Jackie : En semant des petits
cailloux, vous êtes sures de retourner à l'endroit
où vous étiez perdus !
Mlle Agnès : (rires)
Mon visiteur m'a écouté poliment !
Il m'a dit qu'il comprenait bien ce que disait Descartes...
Que dans l'ordre de la connaissance, la crainte de se tromper
était une vertu, une sorte de prudence !
Mais que dans l'ordre de l'action, ce pourrait être un défaut,
une indécision...
Il m'a dit qu'il lui était difficile de distinguer le vrai
du faux !
Par exemple, qu'il ne pouvait aller au musée sans se demander
si, ce qu'il voyait, était un original ou un faux !
Mlle Agnès : Il y aurait donc de faux musée !
Il a ajouté que quand il regardait la télé, il trouvait les images assez ressemblantes, mais comme il ne connaissait pas les modèles, il était bien avancé !
Jackie : Tristan Corbière,
poète breton...
Mlle Agnès : J'entends le
loup, le renard et la belette...
Jackie : ... Qui avait vu Le Vésuve
représenté sur des abat-jour et des devants de cheminée,
a dit quand il s'est trouvé au pied du volcan : Les autres,
plus petits, étaient plus ressemblants !
Voilà ce qu'il a dit ! ...
Mlle Agnès : J'entends le
loup et le renard chanter...
Je lui ai dit :
Non, c'est pas ça ! ... Je ne suis pas méfiant !...
Je ne crois pas qu'on veuille me mentir ou me tromper ! ...
Du moins, si l'on veut me tromper, c'est pour qu'après
je me trompe tout seul !
Le problème n'est pas le mensonge, mais l'ignorance !
Mlle Agnès : Et tu lui
as dit : Ah ! J'ignorais ! ... Vous êtes sure que vous ne
mentez pas ! ...
Jackie : Ben oui ! ... Comment tu
le sais ?
En plus, je lui demandais de me donner un exemple !
Il m'a dit qu'il en a de trop, qu'il ne sait pas lequel choisir,
mais qu'en général, il a l'impression que ceux qui
savent, ne savent rien ou pas grand chose !
Par exemple, quelqu'un lui donne une information...
On lui accorde qu'il la sait plus ou mieux que celui qui la reçoit
!
Mlle Agnès : Un chauffeur
de taxi m'a dit qu'il n'y avait plus de saison !
Jackie : Oh ben il doit avoir ses
sources !
On doit donc lui accorder qu'il se pose la question :
Faut-il craindre de se tromper ?
Or, il a remarqué, à quelques détails, qu'un
informateur ne savait pas grand chose et surtout qu'il n'était
pas habité par cette crainte... Et qu'il disait donc des
choses qu'il ne savait pas vraiment... Et que tout cela le plongeait
dans l'incertitude...
Mlle Agnès : Ben, ça
devrait plutôt le plonger dans la certitude que l'autre
parle sans savoir puisqu'il l'a vérifiée !
Jackie : Comment ?
Mlle Agnès : Ben, ça
devrait plutôt le plonger dans la certitude que l'autre
parle sans savoir puisqu'il l'a vérifiée !

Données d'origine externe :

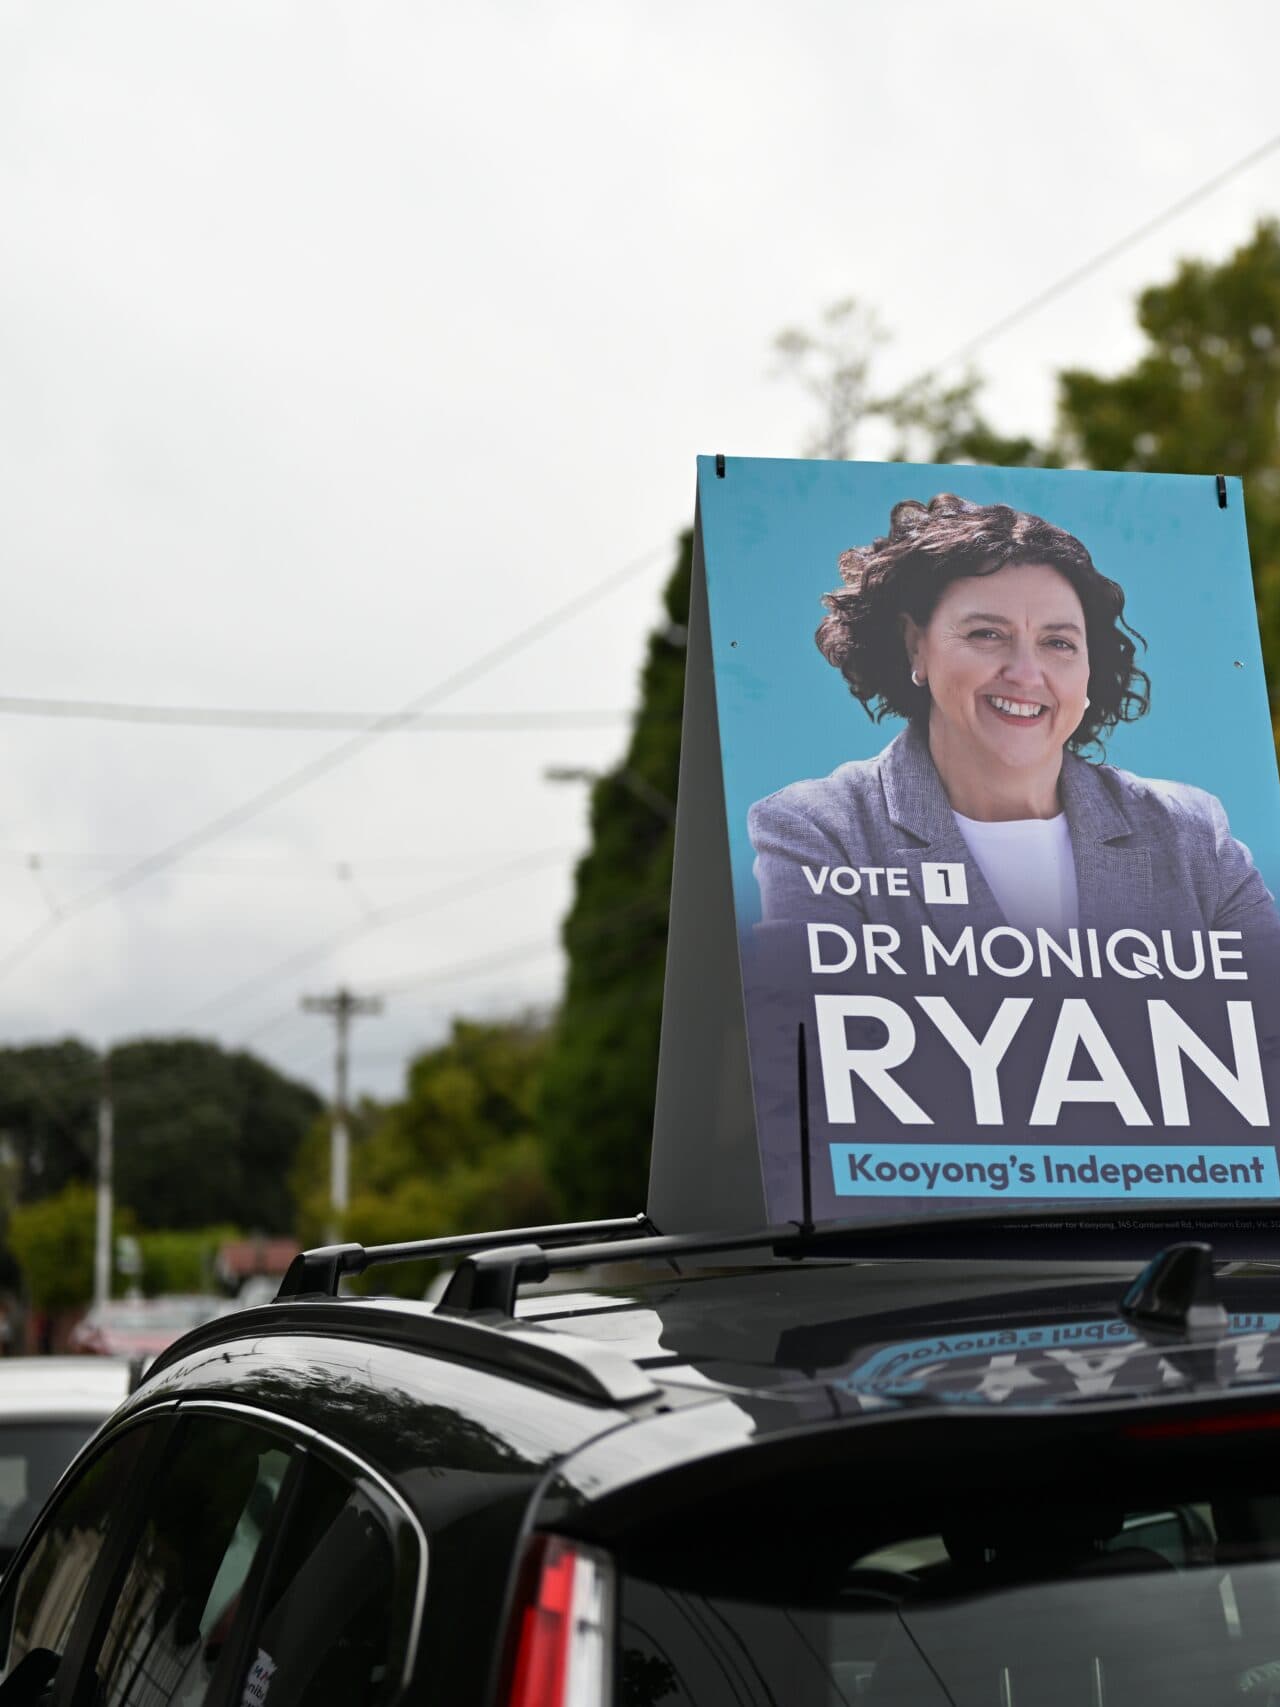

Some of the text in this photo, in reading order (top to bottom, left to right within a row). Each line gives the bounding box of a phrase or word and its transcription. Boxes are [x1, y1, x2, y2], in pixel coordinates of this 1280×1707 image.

Bien plus ! ... Me dit-il, cette incertitude me rend très
fragile...
IL y a, en dialectique, un argument que l'on appelle : Argument
d'autorité.
La version moderne de cet argument, c'est :
Puisque c'est la télé qui le dit ! ...
Mais, en fait, il ne s'agit pas de cela, me dit-il, l'argument
d'autorité revient à dire :
Puisque la télé le dit, alors on ne sait pas ! ...
Mlle Agnès : Faudrait
s'en assurer par la radio !
Jackie : Comment ?
J'allais lui répondre que tout cela était d'une
grande sagesse... Je n'ai pas eu le temps...
On ne me ment pas ! ... Comprenez-vous... On me rend incertain...
On me communique de l'incertitude...
Et le nouvel argument d'autorité, c'est :
Il ne peut pas y avoir de certitude ! ...
Qu'appelais-vous certitude ? ... lui ai-je demandé...
C'est, par exemple, quand je sais quelque chose et que je sais
que je le sais !
Ou quand j'ai compris quelque chose et que je sais que je l'ai
compris !
Ou encore quand je n'ai pas compris et que je suis certain de
ne pas avoir compris !
Ou enfin quand je ne sais pas et que je sais que je ne sais pas
!
Vous comprenez pourquoi je me demande s'il faut craindre de se
tromper !
Mlle Agnès : Et tu lui
as dit oui !
Jackie : Ben oui, je le comprenais...
Le faut-il par devoir ?
Est-ce que nous nous devons la vérité ?
Est-ce que nous la devons aux autres ?
Le faut-il par nécessité ?
Y a-t-il une sanction à l'erreur ?
C'est peut-être cela le Grand Secret du régime
démocratique !
Quel Secret ? ...
Le Grand Secret du régime monarchique, notait Spinoza,
est la superstition !
Le Grand Secret du régime démocratique serait l'incertitude
!
Vous voulez dire que nous serions gouvernés par l'incertitude
?
Exactement ! ... Si vous appelez incertitude l'insouciance de
la vérité !
J'allais lui demander de m'expliquer... Mais il est parti comme il était venu...
Mlle Agnès : Et voilà
! ... Encore un qui est parti sans payer !...
Jackie : Comment ?
... On se marre avec nous !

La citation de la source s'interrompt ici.